I just realized tonight that the source for the droid X is available online. The source forge link below:
http://sourceforge.net/projects/droidx.motorola/files/

I am not sure if this is new or anything but, I have not seen anyone post anything about it so I thought I would share it. The site lists gb, froyo, and OSS sources. I am not exactly sure what the OSS one is but, has 2.3.34 next to it which would be gb if I am not mistaken.

I went through some of the material real quickly but, I did notice that the source for the OMAP is included which may be useful considering it is the processor. Also, I looked through the libhardware and saw some code referencing framebuffer, which is I am not mistaken is graphics (through software) but, I also saw some stuff in the mapp (sp?) which appears to be used for rendering and involves hardware aspects. At the very least, I believe there are references to the hardware graphic objects.

I am not sure if this is the entire droid X code though, but if this is "news" then I could very well aid in future ROM development. Also, I am aware this would surely fall under development and I was about to make a thread there but, I was unsure of how I would fill out the required fields. If you feel this is better suited for the development subsection feel free to move it. Maybe this could help fix some of the remaining bugs in the ICS roms. Well enjoy!


----------



## Goose306 (Sep 12, 2011)

hypnotick said:


> Hello,
> 
> I just realized tonight that the source for the droid X is available online. The source forge link below:
> http://sourceforge.n...motorola/files/
> ...


Its just the .605 kernel source code. I was pulling that when we first started getting the .621 info.

Its useful for compiling kernel modules, etc. But we can't compile a kernel and flash to our phones due to the locked BL. So yes it does help in development, but I'm pretty those in the need to know probably already do. Nonetheless, thanks anyways.


----------



## hypnotick (Aug 19, 2011)

Yeah, I was not sure if the active developers were aware of this. I knew it was for building kernels, which we can not do unless Motorla unlocks our bootloader but, the day that happens elephants will probably have learned to fly lol. Anyway, you said what I was trying to say about using the modules as a reference. I have a BA in CS but, I am still trying to pick up on the android and how it functions (I can just write apps). What I was thinking (and I know this is probably very far fetched and/or difficult) was to decompile GB gpu modules then rebuild them for ICS (incorporating hwa). I could be wrong since I do not know a heck of a lot about the android system but, if I am right like I said I am well aware of how difficult this would be lol.

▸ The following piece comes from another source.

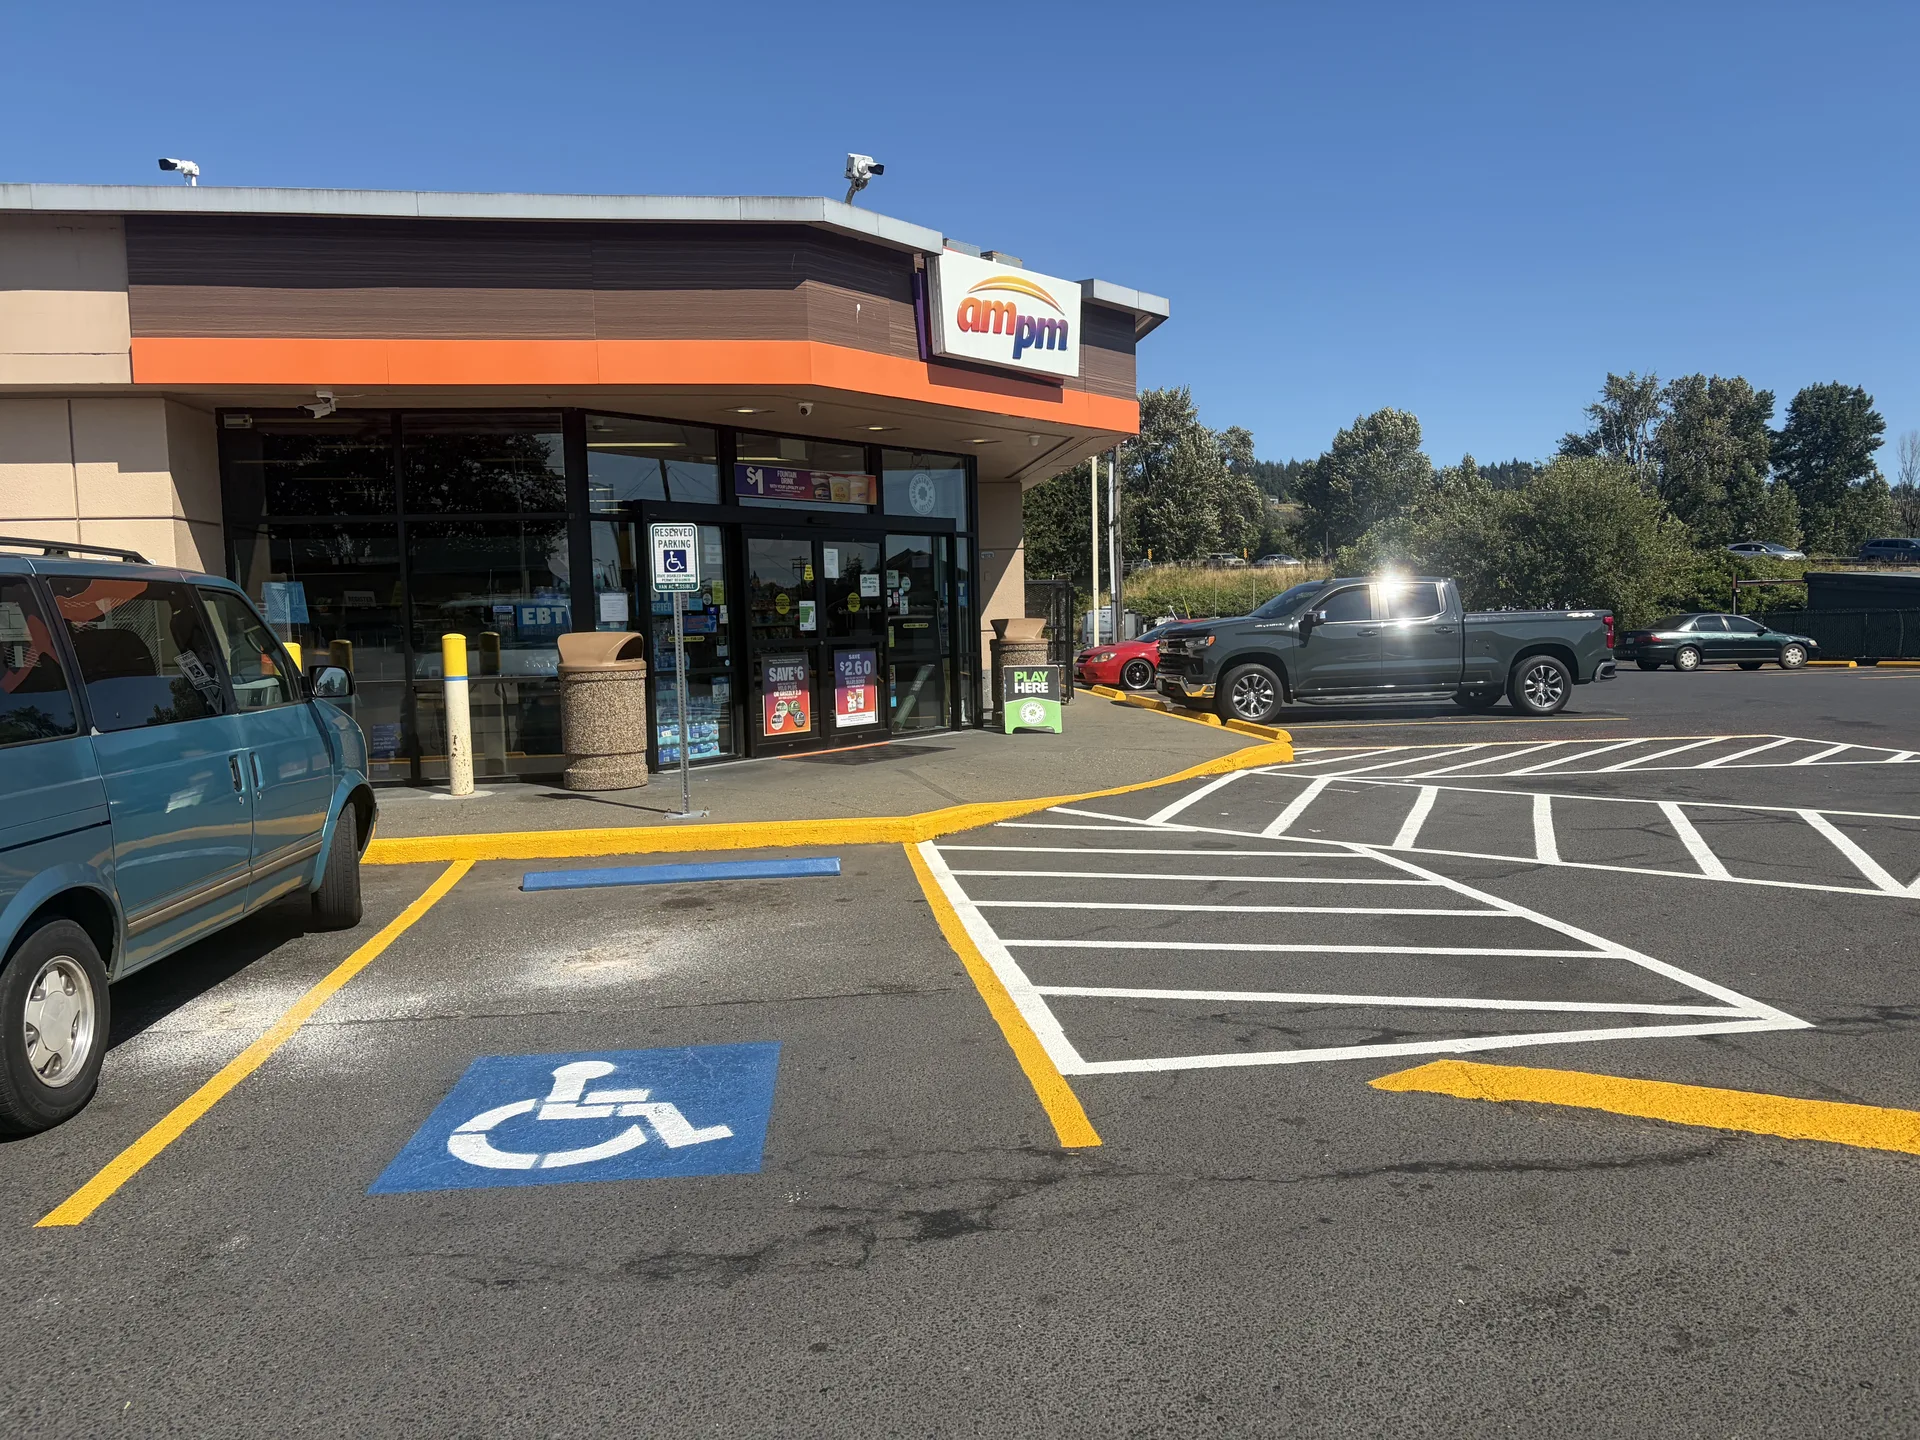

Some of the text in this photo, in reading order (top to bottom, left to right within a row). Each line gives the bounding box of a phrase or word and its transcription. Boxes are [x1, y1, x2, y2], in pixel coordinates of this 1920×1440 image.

I have done some reverse engineering in the past and know how hard and tedious it is. Although, when I did it I had an SDK and was detouring specific objects within that process to point at my own references. The reverse engineering part was to decrypt the objects which was quite difficult. So yeah, I know how much of a pain reverse engineering is. However, it is sometimes necessary when you want to accomplish something but do not have to proper tools/code to do so.


----------